Exercise:
The records that follow must be transcribed in full, without any change.

━━━━

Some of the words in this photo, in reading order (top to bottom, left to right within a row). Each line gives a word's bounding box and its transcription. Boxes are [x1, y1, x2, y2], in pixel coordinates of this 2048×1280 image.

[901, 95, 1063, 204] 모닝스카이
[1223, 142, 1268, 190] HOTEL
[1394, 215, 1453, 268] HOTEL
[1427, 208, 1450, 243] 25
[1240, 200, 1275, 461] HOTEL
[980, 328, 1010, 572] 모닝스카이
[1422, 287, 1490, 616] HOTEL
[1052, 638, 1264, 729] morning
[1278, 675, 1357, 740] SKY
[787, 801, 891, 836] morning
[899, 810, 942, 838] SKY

━━━━

Finished task:
Some of the words in this photo, in reading order (top to bottom, left to right within a row). Each line gives a word's bounding box and its transcription. Boxes are [x1, y1, x2, y2], in pixel coordinates of this 2048×1280 image.

[901, 95, 1063, 204] 모닝스카이
[1223, 142, 1268, 190] HOTEL
[1394, 215, 1453, 268] HOTEL
[1427, 208, 1450, 243] 25
[1240, 200, 1275, 461] HOTEL
[980, 328, 1010, 572] 모닝스카이
[1422, 287, 1490, 616] HOTEL
[1052, 638, 1264, 729] morning
[1278, 675, 1357, 740] SKY
[787, 801, 891, 836] morning
[899, 810, 942, 838] SKY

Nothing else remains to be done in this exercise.